Desafios são imensos e diversos
A necessidade de uma educação para a comunicação foi um tema levantado por vários participantes. “Assusta-me falar com a nova geração”, disse o blogueiro Rodrigo Sérvulo. “Ela já vem ‘chipada’, as crianças cada vez mais querem ter ao invés de ser”. Falaram ainda os militantes digitais Eduardo Guimarães, Helio Paz (RS), Beto Mafra (MG), que contaram suas experiências de sucesso na militância virtual, em mesa com o professor Laurindo Leal Filho/ Lalo. “Quero estimular as pessoas a aderirem ao que vai se tornando o grande sentido da internet, e que há 15 anos atrás não existia”, disse Eduardo Guimarães, do blog Cidadania. “Para quem tinha opinião diferente da dos grandes meios de comunicação, não havia possibilidade de se manifestar”. Blogueiro emblemático na militância, Eduardo acredita muito na força do ativismo na blogosfera, e nas pessoas que divergem vencerem a impotência com isso. “Hoje, cada um de nós é um meio de comunicação. Não podemos viver num país onde se tem medo de exercer a cidadania”.

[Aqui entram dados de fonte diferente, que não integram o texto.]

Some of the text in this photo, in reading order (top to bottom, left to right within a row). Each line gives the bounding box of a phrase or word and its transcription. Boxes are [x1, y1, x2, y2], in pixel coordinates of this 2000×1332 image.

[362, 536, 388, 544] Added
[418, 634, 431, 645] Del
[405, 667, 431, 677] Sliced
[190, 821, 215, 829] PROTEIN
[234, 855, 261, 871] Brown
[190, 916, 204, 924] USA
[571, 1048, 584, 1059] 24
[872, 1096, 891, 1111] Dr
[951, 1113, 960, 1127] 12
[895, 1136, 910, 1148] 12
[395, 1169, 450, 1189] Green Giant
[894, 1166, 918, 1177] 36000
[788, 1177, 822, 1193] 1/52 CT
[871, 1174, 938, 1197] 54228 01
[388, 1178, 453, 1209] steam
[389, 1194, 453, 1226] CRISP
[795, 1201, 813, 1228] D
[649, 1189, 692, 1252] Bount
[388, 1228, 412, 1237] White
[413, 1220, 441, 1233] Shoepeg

Lembrando que nossa geração é testemunha das grandes mudanças no mundo com a internet, Lalo comemorou o processo de organização dos blogueiros. "Os encontros de blogueiros que estão sendo realizados mostram uma afirmação da subordinação da tecnologia pela política. O conhecimento da tecnologia dá a certas pessoas um poder, que as distancia do resto da sociedade. Para enfrentar esse problema só a política”. Para o professor as redes e a internet podem ser um contraponto à gritante concentração dos meios de comunicação no Brasil. “Pela primeira vez a comunicação pode ser exercida sem ter um grande acúmulo de capital financeiro anterior, como os investidos nos grandes meios de comunicação. Hoje pude ver este evento pela manhã de casa (a Rede Brasil Atual transmitiu o encontro ao vivo), antes só poderia ver se as grandes emissoras quisessem”.

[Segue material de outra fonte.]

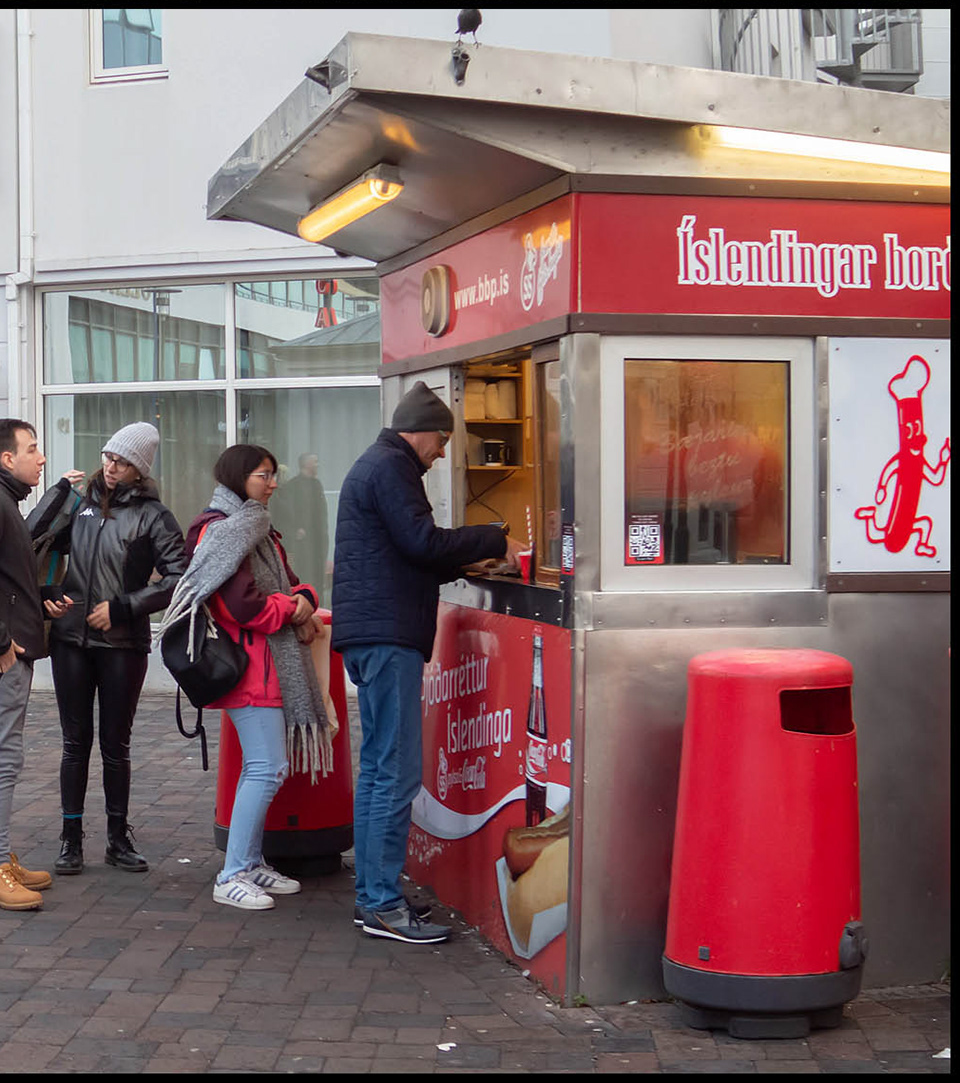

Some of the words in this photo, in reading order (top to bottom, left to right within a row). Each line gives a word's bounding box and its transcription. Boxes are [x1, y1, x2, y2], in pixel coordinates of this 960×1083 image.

[677, 215, 877, 298] Íslendingar
[453, 269, 509, 311] www.bbp.is
[447, 702, 512, 757] Íslendinga
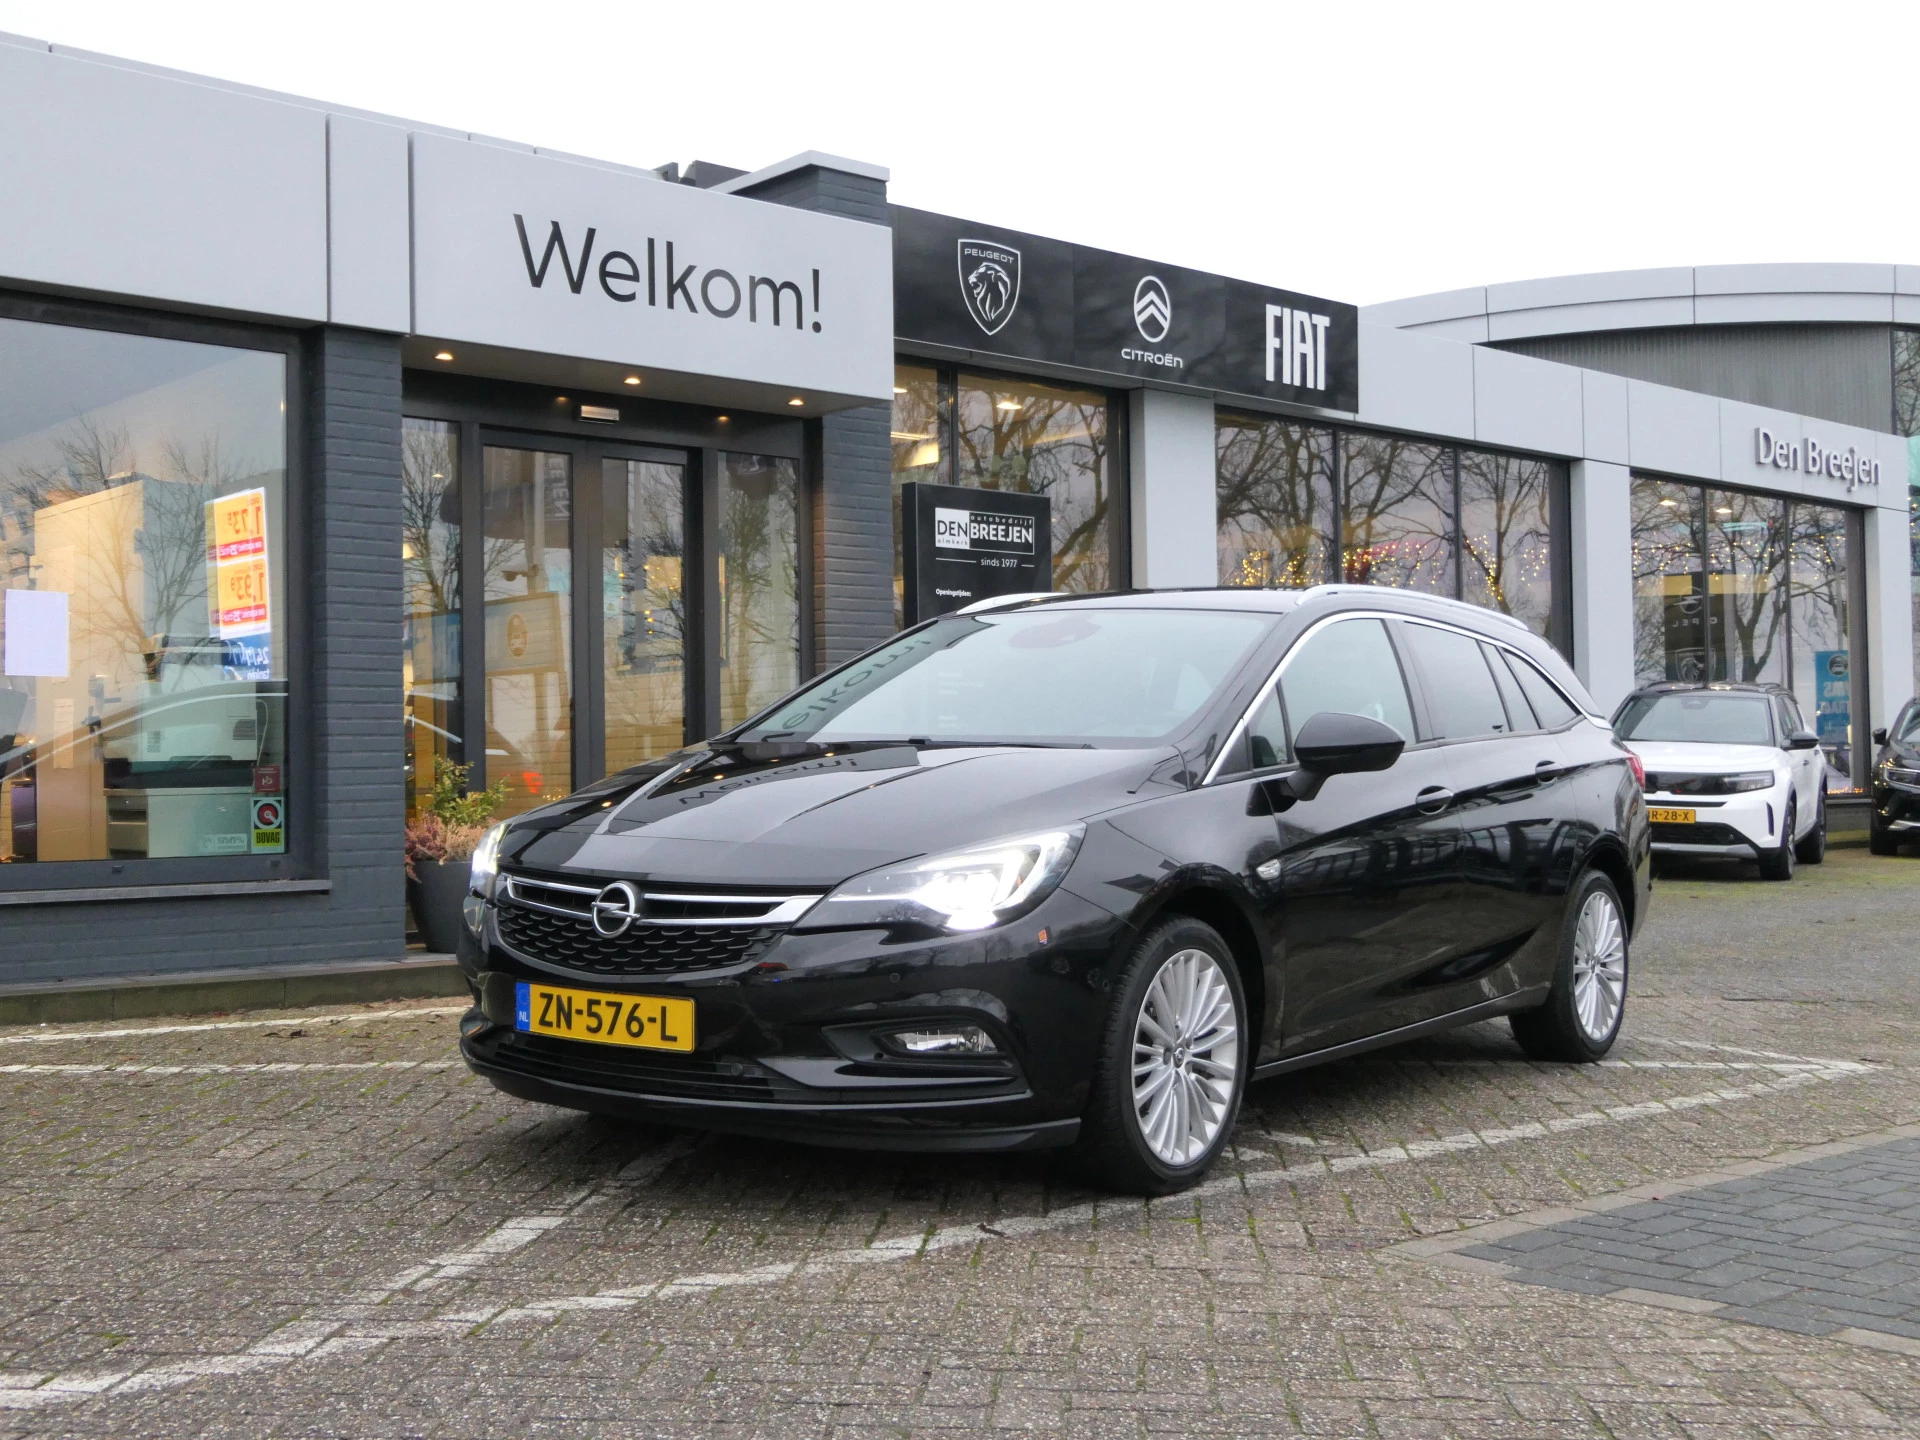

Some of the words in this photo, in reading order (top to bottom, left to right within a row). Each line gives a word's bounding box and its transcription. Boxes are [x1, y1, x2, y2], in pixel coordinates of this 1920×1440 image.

[964, 248, 1015, 264] PEUGEOT
[513, 213, 822, 333] Welkom!
[1266, 303, 1330, 391] FIAT
[1755, 427, 1801, 472] Den
[1803, 437, 1881, 493] Breejen
[937, 519, 969, 539] DEN
[970, 522, 1033, 544] BREEJEN
[970, 514, 1033, 526] autobedrijf
[980, 557, 1000, 567] sinds
[1001, 558, 1018, 568] 1977
[256, 831, 280, 844] BOVAG
[519, 1011, 529, 1022] NL
[538, 992, 678, 1042] ZN-576-L

“Hoje na comunicação, a ciência nos coloca no mundo da instantaneidade, mas também no mundo da fragmentação, com toda a carga ideológica que esse conteúdo possa ter”, provoca o professor. “Teoria da recepção é uma farsa neoliberal”, diz Lalo, referindo-se ao argumento repetido e repetido pelos “donos” das concessões de rádio e televisão, de que “o cidadão individualmente tem poder de escolher, não é preciso mexer com as emissoras, a decisão está com o receptor”.
“Como recuperar as linhas gerais do pensamento humano, que foram apropriadas pela classe dominante, que apresenta suas idéias como se fossem as únicas?” Lalo acha que avançamos muito, mas que nosso ativismo tem sido muito individual. “O nosso desafio é construir uma narrativa coletivizada. O individualismo é intrínseco ao capitalismo, a concentração também, e neste mundo pós moderno há uma exacerbação do individualismo”. Grande desafio mesmo. “A luta contra hegemônica tem nos meios de comunicação um papel importante, e os espaços de discussão que construímos já é um grande avanço”.
Segundo Conceição Oliveira, do blog “sujo” Maria Frô, a blogosfera neste dia de debates do encontro paulista, registrou o terceiro lugar nos TTs para a tag #blogprogSP, na frente da Virada Cultural. A transmissão da @redebrasilatual levou as mesas para mais de 2.500 internautas, segundo Conceição. “Isso mostra o interesse que debates como estes provocam no país e a importância que nós, ativistas e blogueiros, ganhamos no cenário nacional”.